## RECORDS FOR THIS EXERCISE
▼

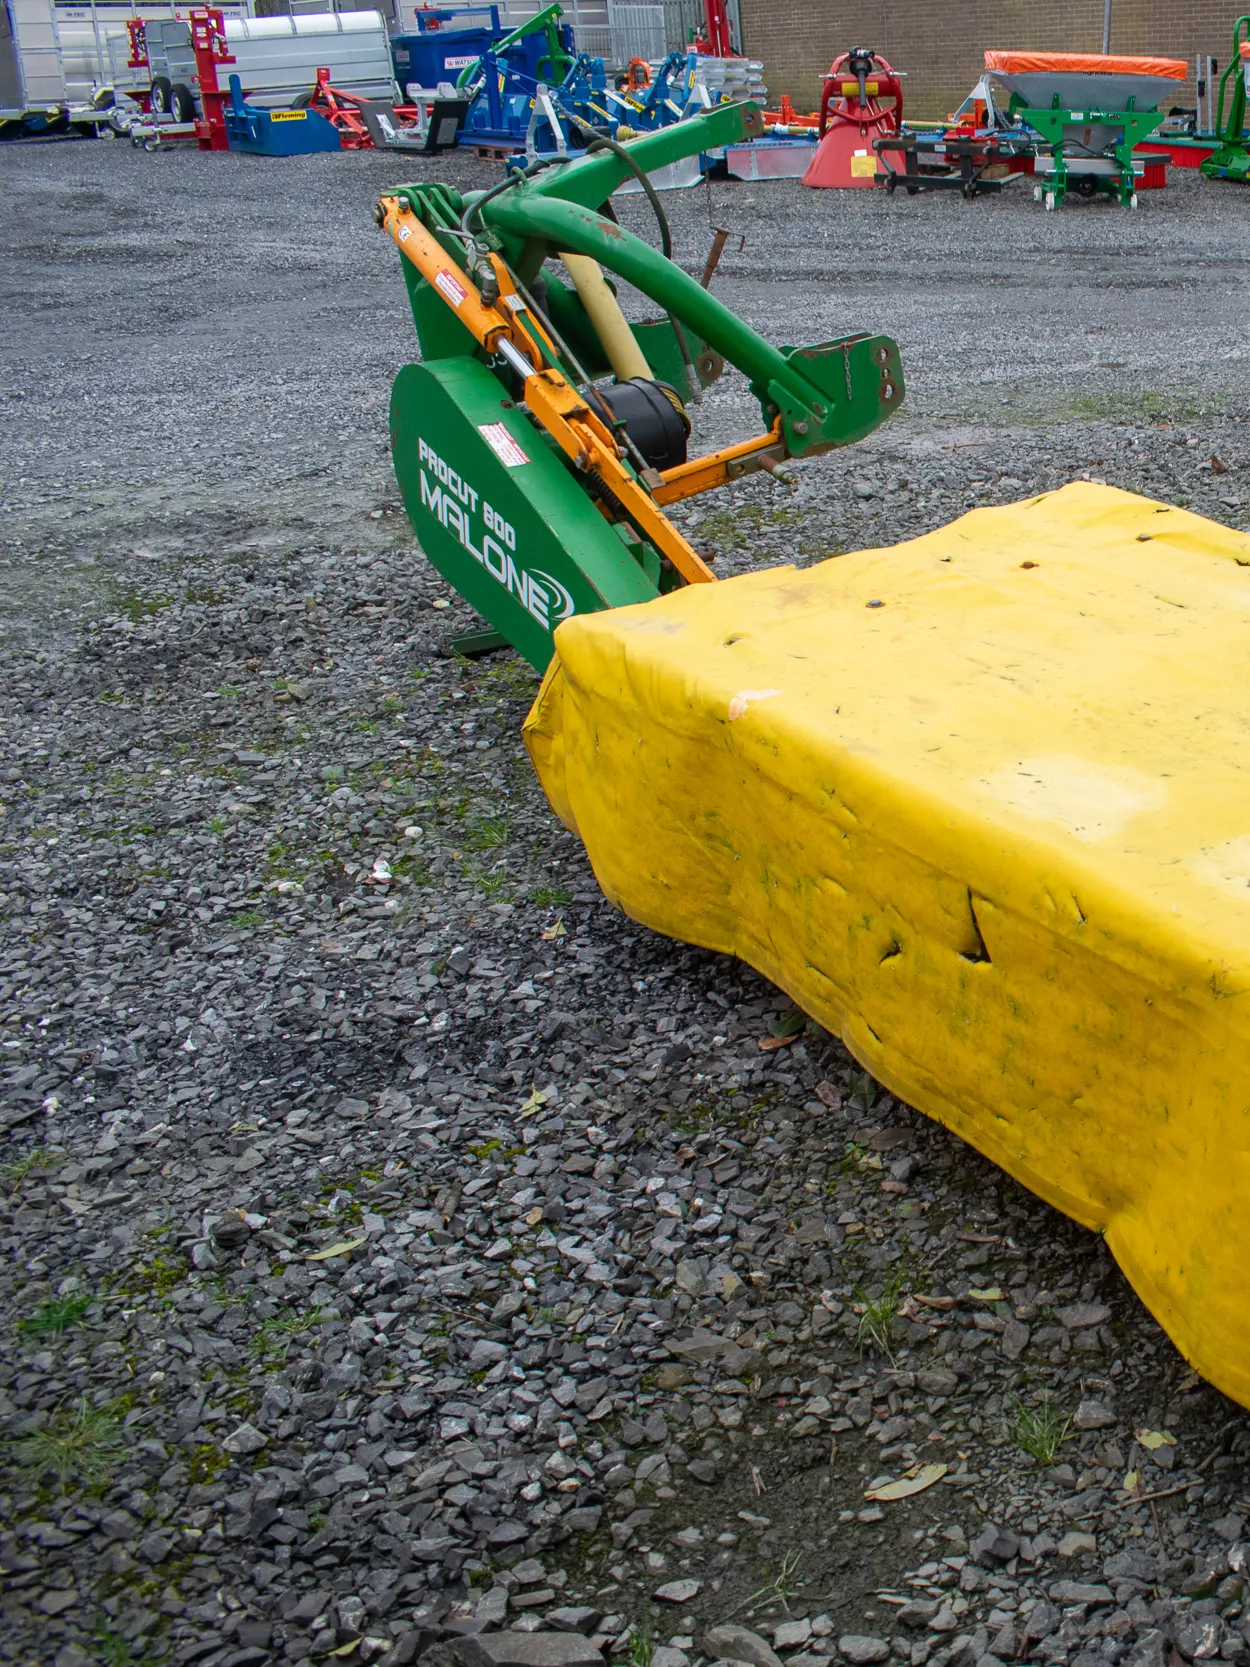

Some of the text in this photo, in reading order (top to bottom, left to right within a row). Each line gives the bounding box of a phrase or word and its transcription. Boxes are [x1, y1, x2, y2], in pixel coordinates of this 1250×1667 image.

[277, 111, 306, 119] Fleming
[418, 437, 479, 513] PROCUT
[483, 501, 516, 551] 800
[420, 468, 550, 631] MALONE
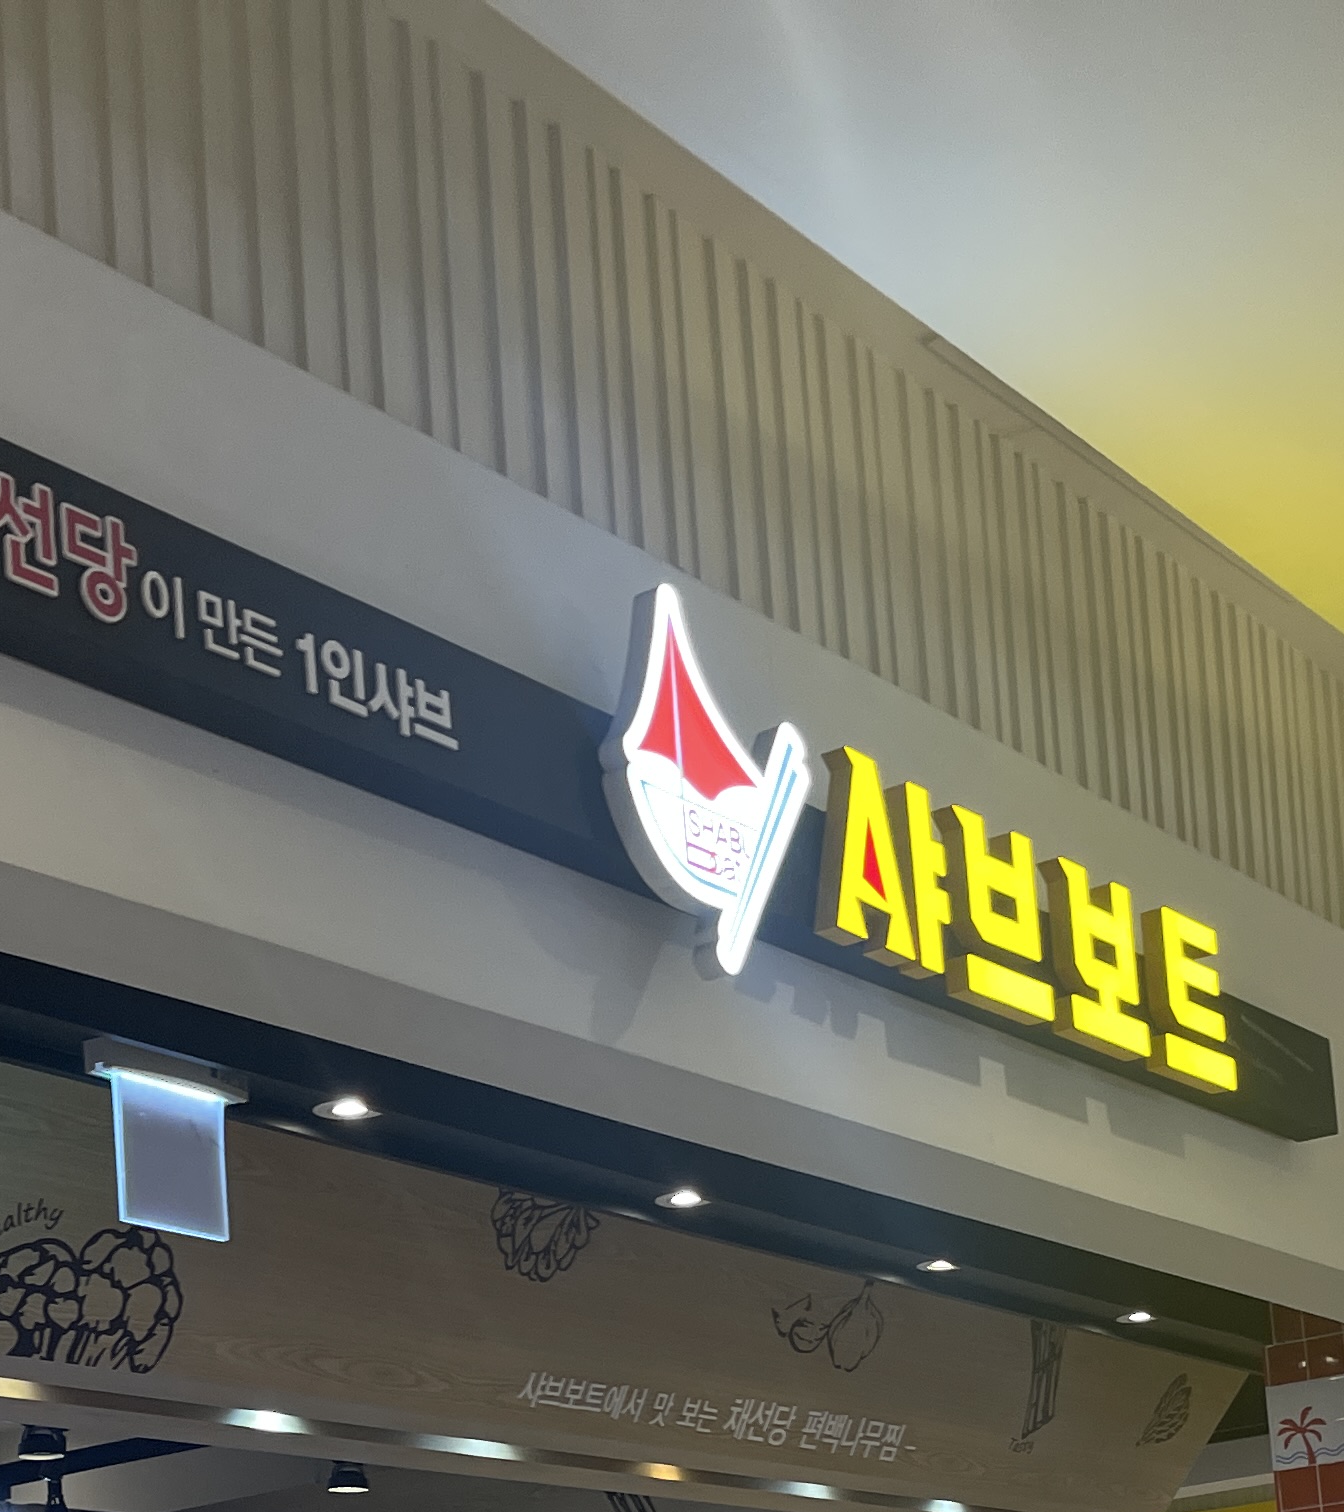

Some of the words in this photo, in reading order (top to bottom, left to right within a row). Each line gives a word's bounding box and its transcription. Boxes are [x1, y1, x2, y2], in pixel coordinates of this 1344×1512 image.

▲

## WHAT YOU ARE ASKED TO DO
All of the records above should be returned exactly, though the pictures should not.

## FINISHED EXERCISE
Some of the text in this photo, in reading order (top to bottom, left to right within a row). Each line gives the bounding box of a phrase or word and its transcription. Boxes are [x1, y1, x2, y2], in pixel coordinates of this 1250×1667 image.

[277, 111, 306, 119] Fleming
[418, 437, 479, 513] PROCUT
[483, 501, 516, 551] 800
[420, 468, 550, 631] MALONE

Some of the words in this photo, in reading order (top to bottom, left to right within a row). Each line gives a word's bounding box and its transcription. Boxes are [x1, y1, x2, y2], in pixel coordinates of this 1344×1512 image.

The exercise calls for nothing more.